Sales to ‘daigou’ shoppers in recent years have helped the firm recorded record profits and surging share prices, which peaked at $200 a little over a year ago.

However, new cross-border commerce regulations in China and a change in the firm’s strategy have seen these tail off.

Blackmores CEO Christine Holgate said: "The first quarter was impacted by changes to the buying patterns of Chinese exporters. The Chinese market is both complex and challenging, though it remains a very important part of our business and we are pleased with our growth."

The growth she refers to was a 92% rise in direct sales in China to $64m. However, it was not enough to offset the drop in local Australian demand.

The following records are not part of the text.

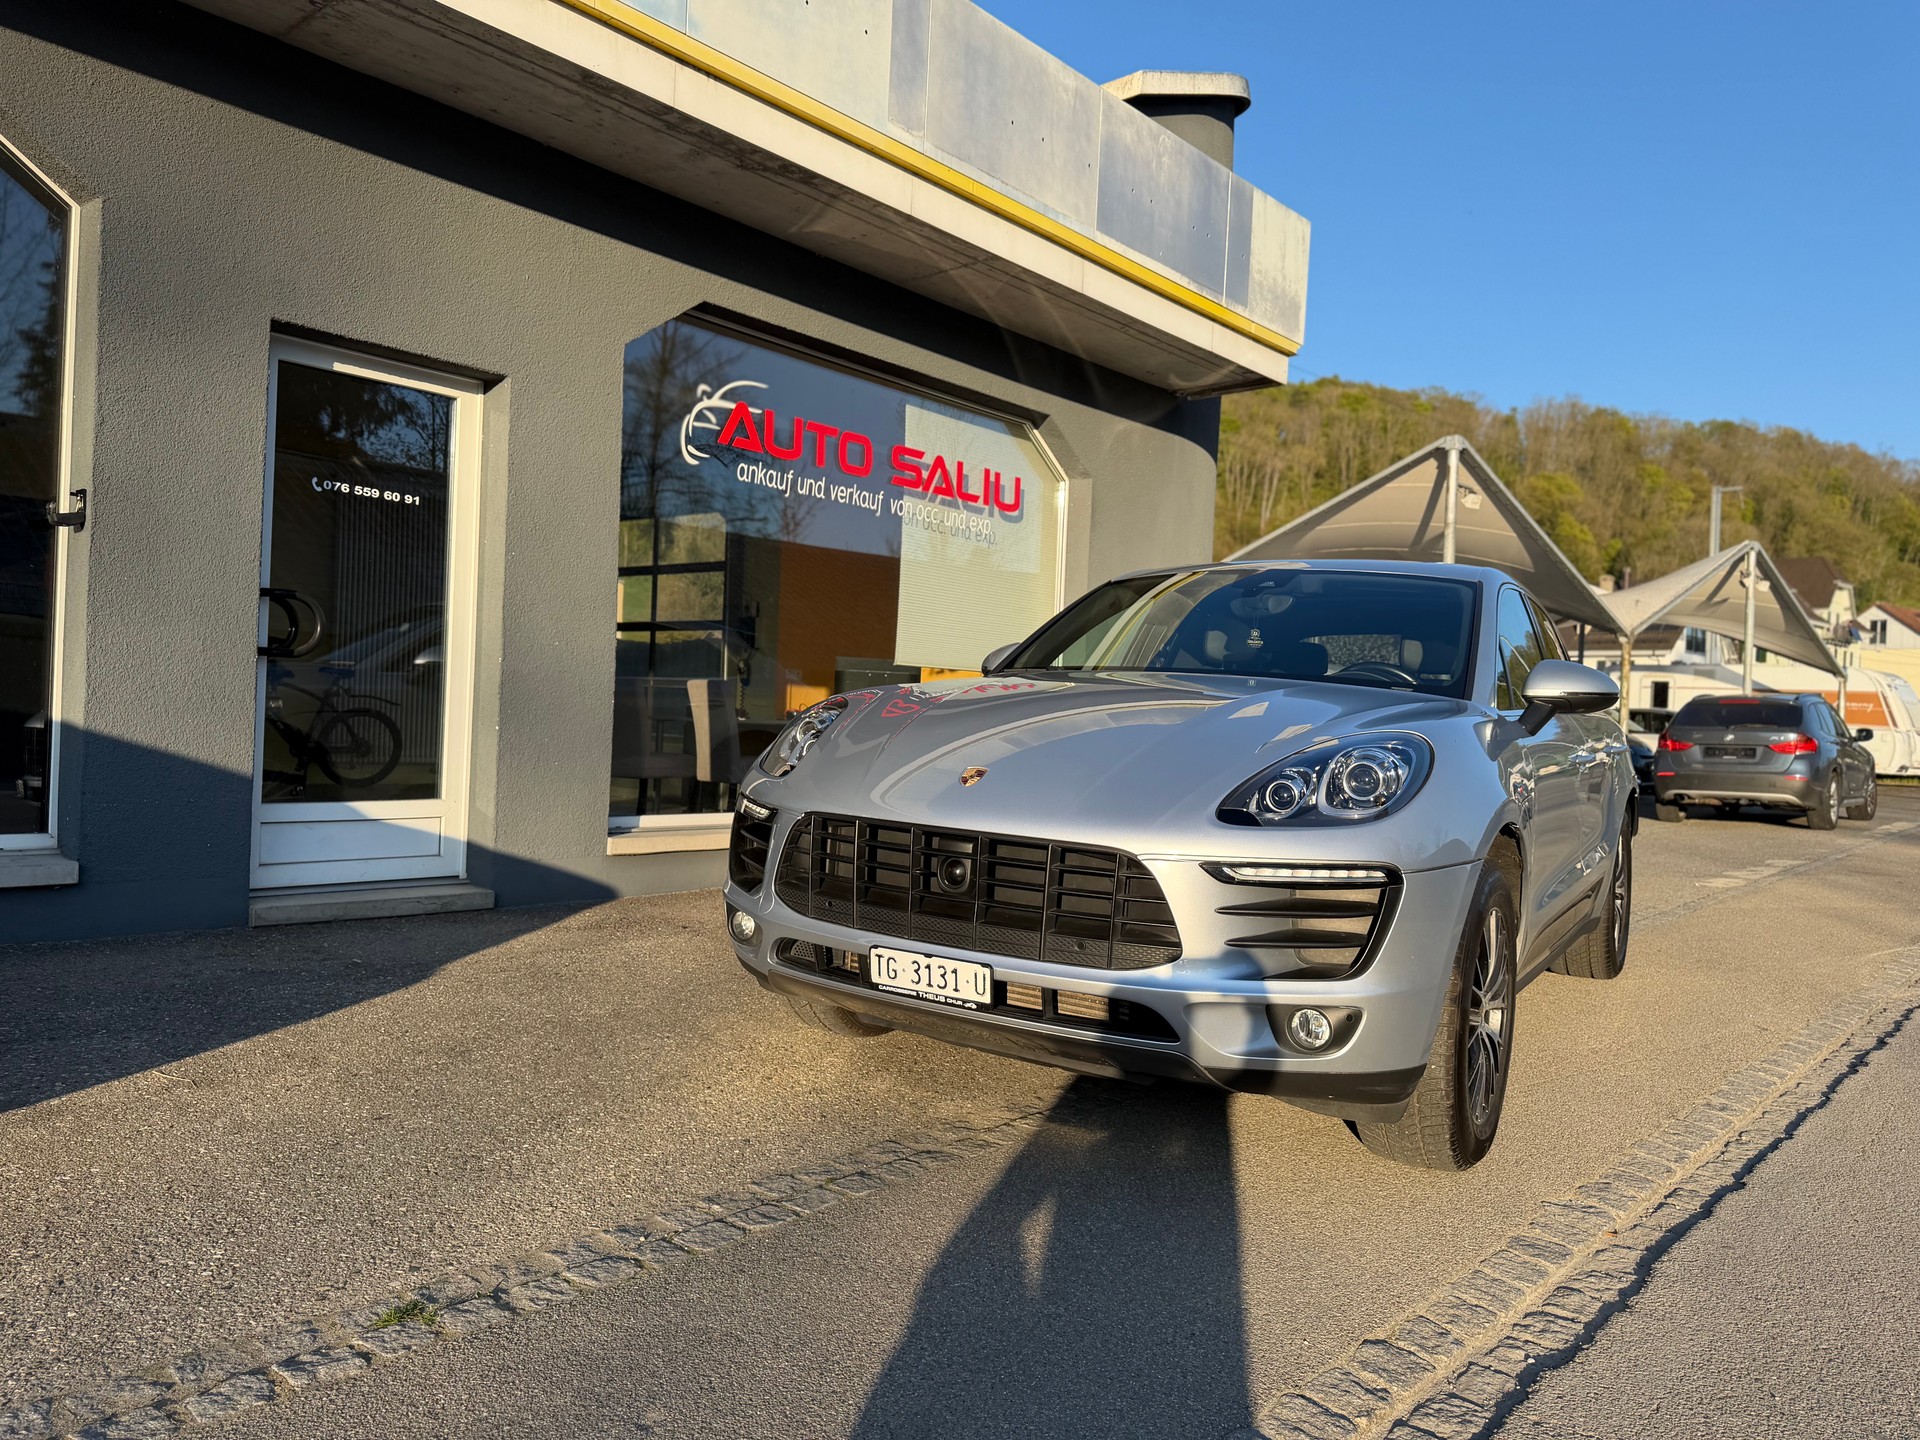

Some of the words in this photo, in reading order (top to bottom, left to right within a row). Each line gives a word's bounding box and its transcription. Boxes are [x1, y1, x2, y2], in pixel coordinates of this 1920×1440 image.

[717, 400, 874, 478] AUTO
[890, 444, 1022, 513] SALIU
[323, 480, 350, 493] 076
[354, 485, 380, 498] 559
[383, 491, 401, 502] 60
[404, 494, 420, 506] 91
[736, 461, 794, 498] ankauf
[797, 476, 826, 499] und
[829, 484, 885, 517] verkauf
[890, 498, 913, 519] von
[916, 504, 940, 524] occ.
[944, 509, 967, 530] und
[969, 516, 993, 538] exp.
[874, 953, 898, 980] TG
[910, 960, 961, 993] 3131
[974, 970, 987, 996] U
[918, 991, 946, 1003] THEUS

Other Asia sales (excluding Korea) delivered almost $40m in the first half, up 16%.

The firm told shareholders: "All our core markets are in growth and the smaller markets particularly have delivered strong performances - Taiwan, up 93%, Hong Kong, up 49%, Singapore, up 19%, Malaysia, up 20%, and Thailand, up 6%, in local currencies. In September Blackmores launched in Indonesia with a limited range, contributing just under $2m in sales."

Nevertheless, it has cut its interim dividend payout by 35% and will pay shareholders a $1.30 dividend on March 22.

Joint venture

Shares on Wednesday dropped by as much as $13 at one point, and as of lunchtime Wednesday were trading around $106, almost half the value of their peak in January 2016.

Blackmores also said it would continue to review its infant nutrition products developed with Bega Cheese.

The companies linked up in January 2016 to form the Bemore partnership on the back of booming Australian infant nutrition sales to China.

We reported in October how a combination of a market saturated with Western companies​, new regulations seeking to better control and restrict the number of brands on the shelves, and the resulting heavy discounting by firms wanting to shed stock before the new rules come into place, had hit sales.

Holgate today said that sales were growing but it would "continue to review this business to ensure we have the right structure in place for the future.”